Prosecution concludes in Clemens trial, now in seventh week
WASHINGTON (Reuters) - Government prosecutors accusing former pitching ace Roger Clemens of perjury wrapped up their case on Tuesday in a slow-moving criminal trial that has now entered its seventh week.
Clemens' lawyers said they will need seven to eight days to make their case in defending the retired major league star against charges that he lied to a congressional panel when he denied using performance-enhancing drugs.
Among the final witnesses federal prosecutors called to the stand on Tuesday was a former client of Brian McNamee, an ex-trainer of Clemens who says he injected Clemens with performance-enhancing drugs.
Anthony Corso, a former Wall Street client of McNamee's, testified that McNamee told him that Clemens had used human growth hormone to recover more quickly from injuries and strains.
Corso's testimony could bolster that of McNamee, whose allegations that he injected Clemens with steroids and human growth hormone have been the core of the government's case.

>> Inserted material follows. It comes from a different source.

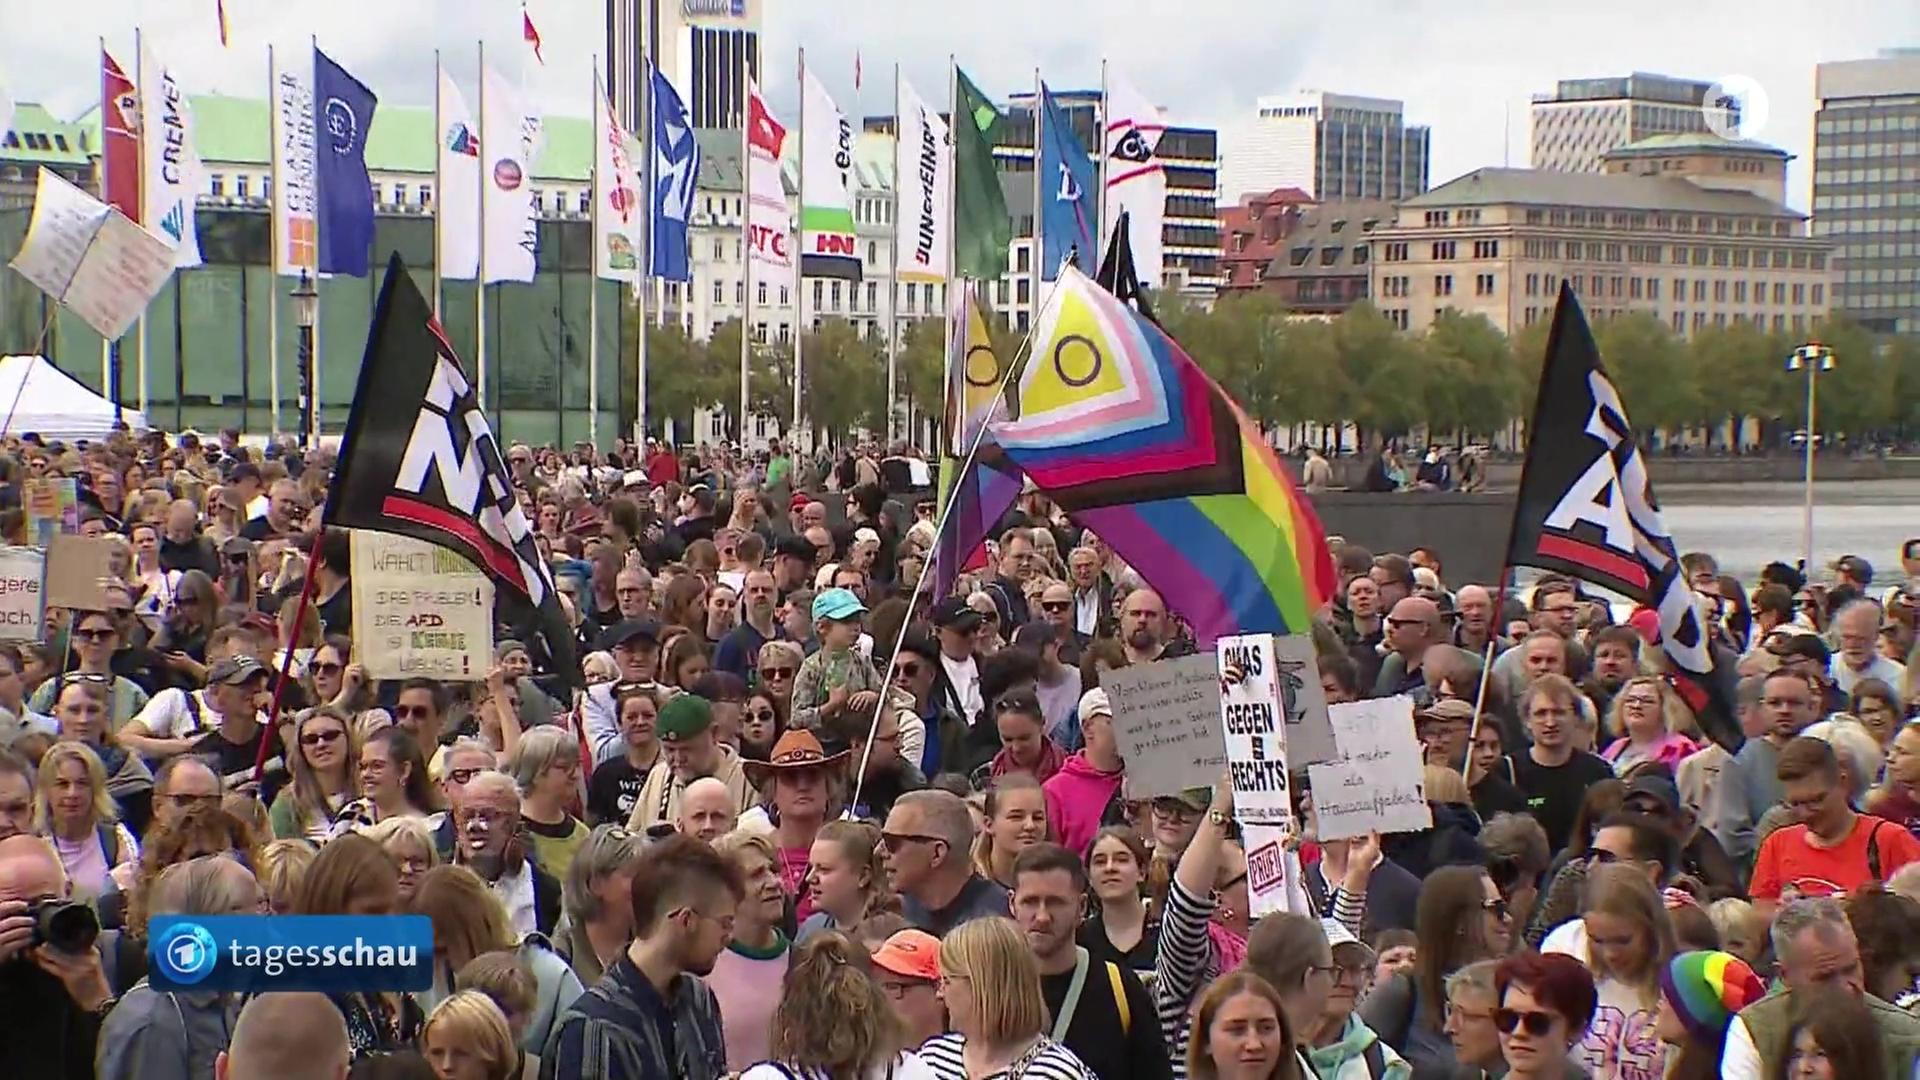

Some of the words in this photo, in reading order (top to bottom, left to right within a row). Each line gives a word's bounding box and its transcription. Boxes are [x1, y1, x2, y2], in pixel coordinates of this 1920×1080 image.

[405, 613, 443, 627] AFD
[1226, 703, 1274, 735] GEGEN
[1231, 760, 1286, 792] RECHTS

"Mr McNamee had mentioned that Mr. Clemens was one of the athletes that he was getting positive results from him being able to push himself to limits ... using the medication to recover," Corso, 49, testified.

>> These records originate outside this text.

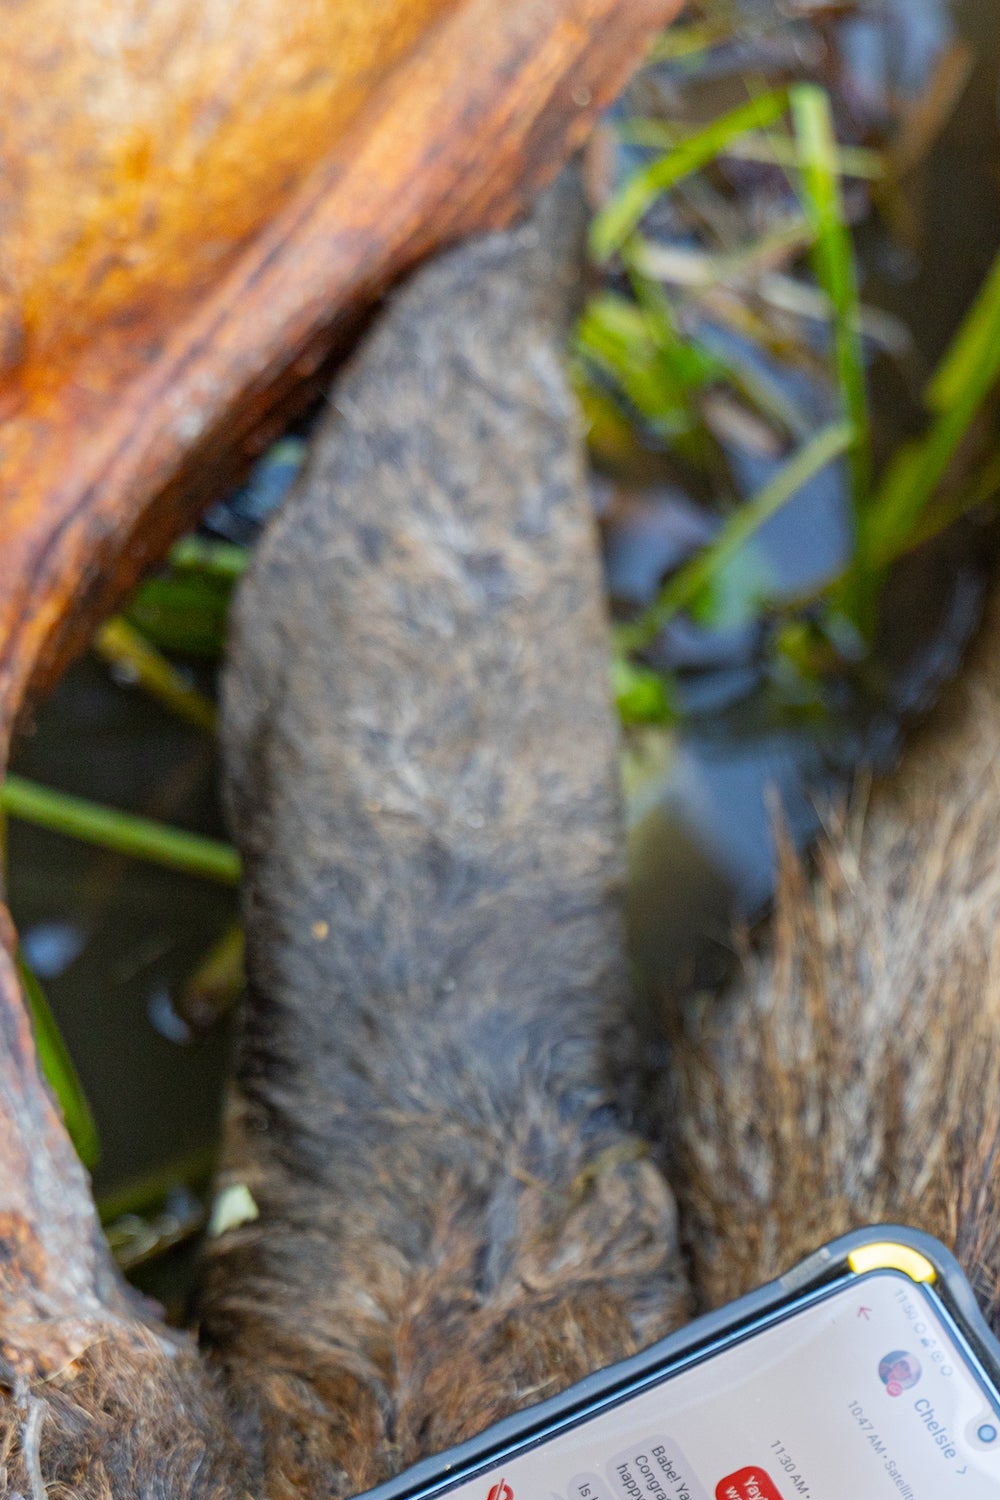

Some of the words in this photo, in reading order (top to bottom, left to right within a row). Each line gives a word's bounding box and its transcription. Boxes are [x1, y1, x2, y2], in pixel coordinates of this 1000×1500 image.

[847, 1400, 874, 1431] 10:47
[866, 1434, 887, 1455] AM
[913, 1398, 957, 1459] Chelsie
[577, 1482, 592, 1498] Is
[651, 1445, 682, 1484] Babe!
[770, 1439, 797, 1473] 11:30
[789, 1474, 810, 1495] AM

Clemens' lawyers sought to cast doubt on Corso's testimony when the witness revealed he could not recall whether McNamee had mentioned Clemens during a conversation about saving syringes from players using the drugs.
Corso testified that McNamee had told him in or around 2005 that the trainer had saved syringes from players to avoid getting "thrown under the bus" should the drug usage be discovered but said McNamee had not named Clemens as one of those players.
According to prosecutors, Corso had told a grand jury in 2010 that McNamee claimed the syringes had been "used on Roger."
"The two answers are different. So would it be a fair testimony ... that you made a mistake?" Clemens' lawyer Rusty Hardin asked.
"Yes," Corso said.
Clemens' attorneys have worked to paint McNamee as a liar who obtained immunity in exchange for his testimony.
McNamee has said that he saved medical waste from a 2001 injection of anabolic steroids into Clemens and turned the evidence in to authorities in 2008.
Prosecutors also called to the stand a toxicologist with the FBI who testified on the various forms of vitamin B-12.
Clemens has claimed that McNamee injected him with vitamin B-12, not performance-enhancing drugs.
Clemens, 49, a seven-time Cy Young Award winner as best pitcher, is being tried for a second time on federal charges of lying in 2008 to the U.S. House of Representatives' Committee on Oversight and Government Reform, which was investigating drug use in Major League Baseball. His first trial ended last year in a mistrial.
Jury selection in this trial began April 16. Since the first days of testimony, two jurors have been dismissed for falling asleep, while the judge overseeing the case has warned lawyers about the slow pace. Another juror was let go because of a family death.